うーむ、この空模様・・・結構ひどい雨になりそうだな。


「きゅん・・・」


「サクラも雨が嫌いか?俺と一緒だなあ」


「くぅん・・・」


寂しそうに外を見るサクラを横目で見つつ、俺はさらにアクセルを踏み込む。

神崎さんは、助手席でサクラを優しく抱っこしている。

現在は、詩谷への途上である。



大木くんが手紙を届けた翌日、俺は神崎さんとサクラと一緒に高柳運送を出発した。

目的は・・・秋月でニワトリを受け取ること。

それに、大木くんに付き合って詩谷大学の探索をすることだ。


ニワトリ小屋も完成したし、本格的に梅雨に入る前に動いておきたかったのだ。

あと、ここしばらくは結構修羅場だったしな、ちょいとリフレッシュしたかった。

電気柵も完成したことだしな。


昨日はちょっと悩んだが、神崎さんにも詩谷行きを打診してみた。

その結果は・・・



「行きます!絶対に!行きます!!」



という、まさかの快諾であった。


各方面への連絡用に通信機は予備を持っていくし、高柳運送の無線機はなんと巴さんが使えるらしい。
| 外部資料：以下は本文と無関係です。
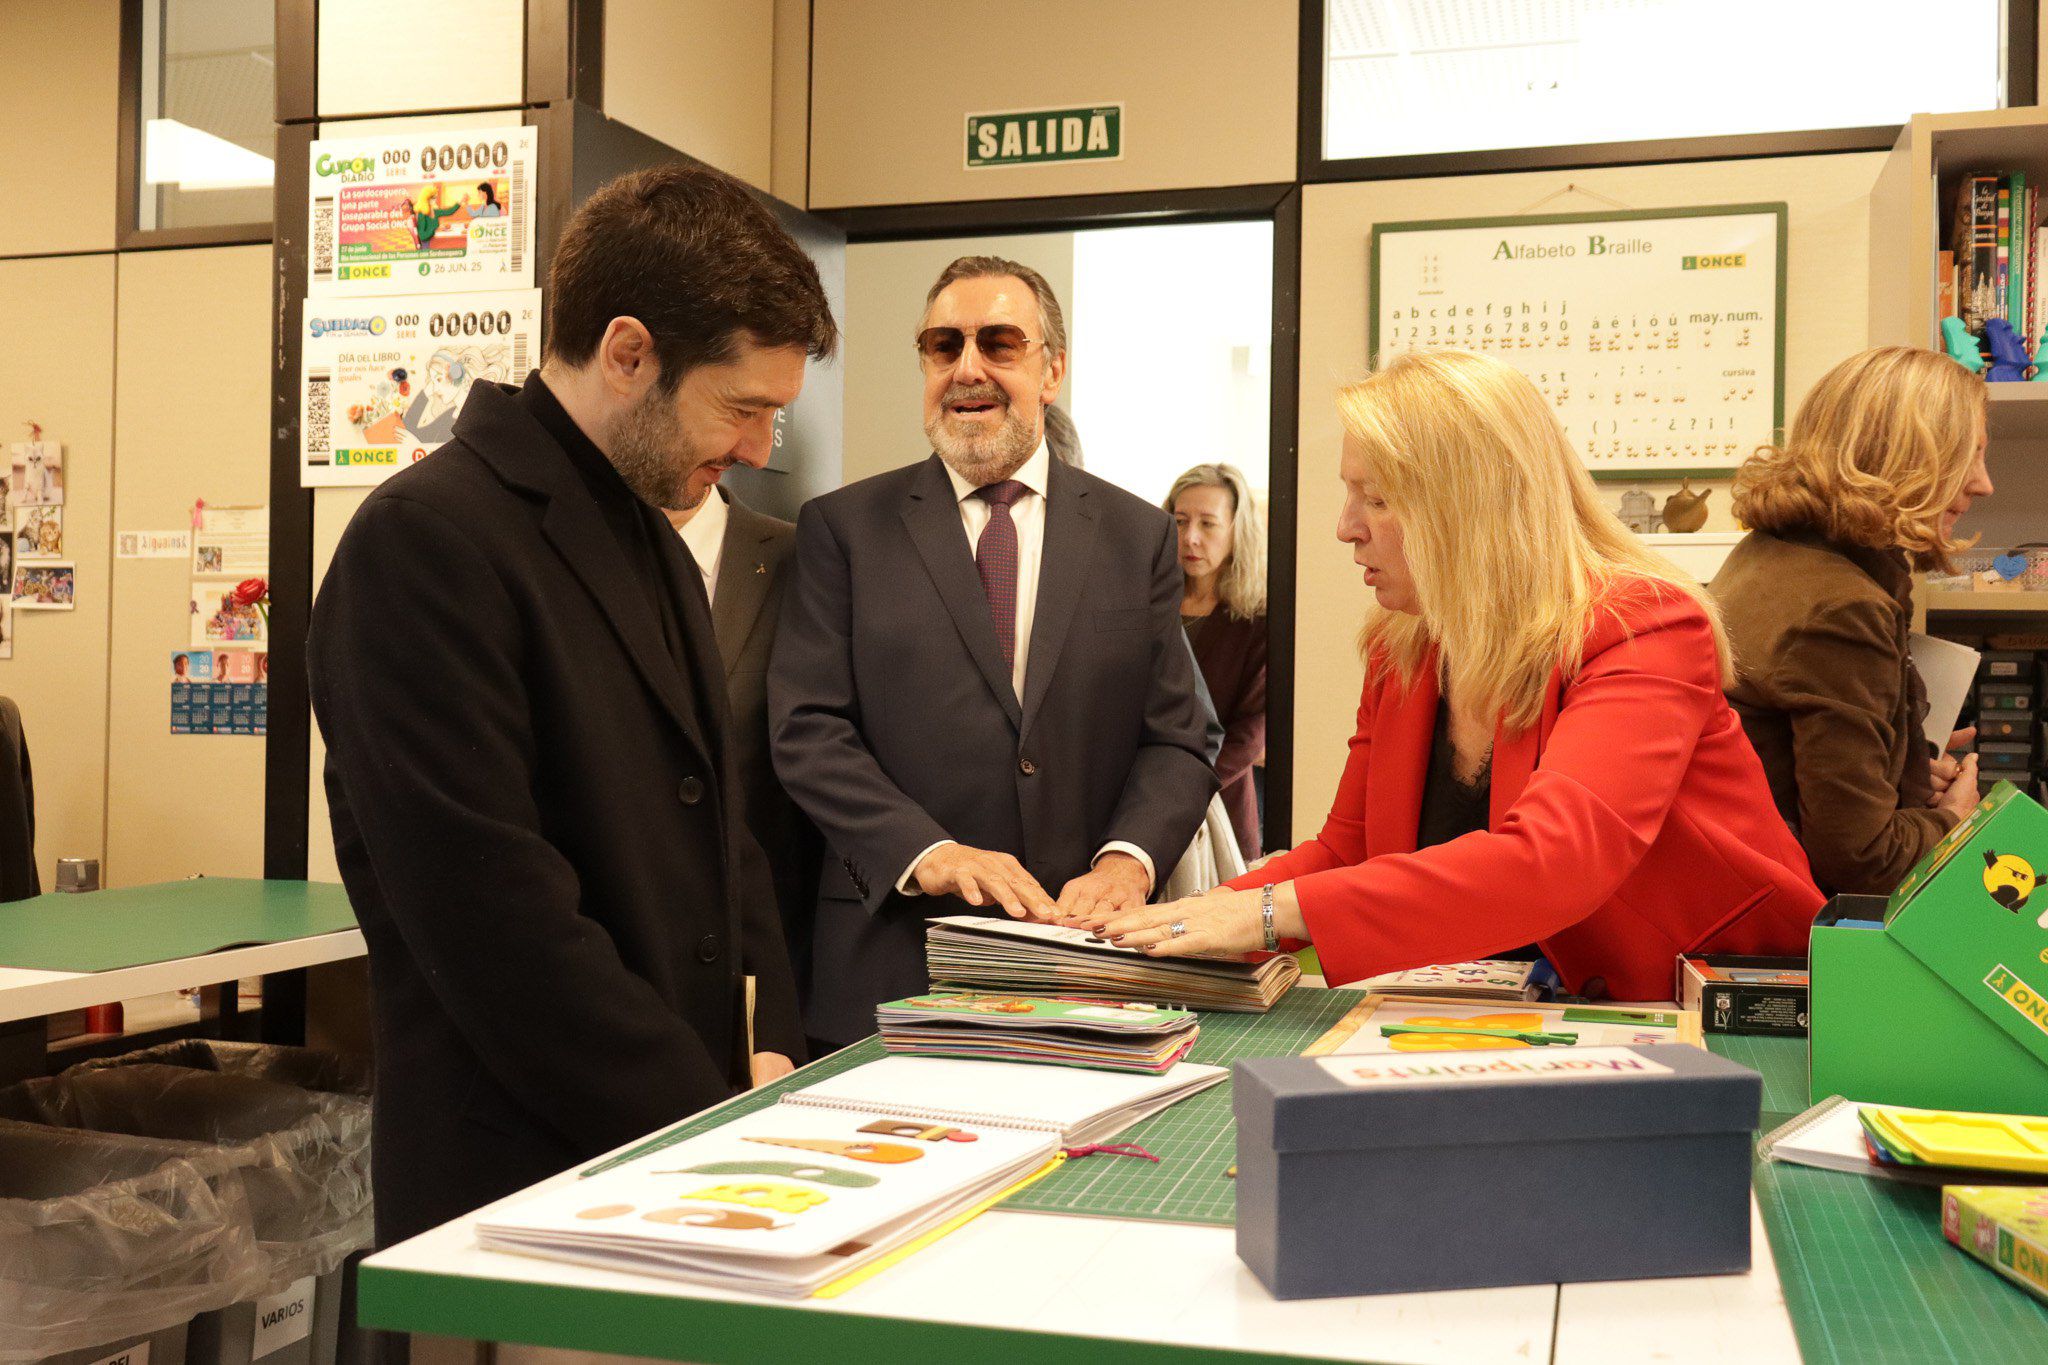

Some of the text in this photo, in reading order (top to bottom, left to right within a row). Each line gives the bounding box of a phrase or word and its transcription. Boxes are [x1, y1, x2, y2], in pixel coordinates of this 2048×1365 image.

知らなかったがアマチュア無線免許を持っているのというのだ、あの人は。

バレーが駄目になってから、面白そうな資格を片っ端から取ったとのことである。


守備力としては先輩方という俺以上の近接技能持ちがいるし、斑鳩母娘も銃の腕前は折り紙付き。

ということで、神崎さんも行けることになったというわけだ。

俺たちは、子供たちに見送られながら出発した。


そうそう、残る懸念である『みらいの家』であるが・・・

目下、行方がつかめないのだ。


俺も神崎さん経由で知ったが、ふれあいセンターの一件の後すぐに八尺鏡野さんは奴らの本拠地へ斥候を出した。

あの、バスにでかでかと書かれていた住所にである。

行動が早いなあ、八尺鏡野さん。

むっちゃ怒ってたもんなあ。


だが、斥候が見たのはとうに無人になって久しい廃墟だったそうだ。

どうやら、このゾンビ騒動が始まるまえから使われた形跡がなかったらしい。

となると奴らがどこへ行ったのかが気になるが・・・そこは本職の方々に頑張って探していただきたい。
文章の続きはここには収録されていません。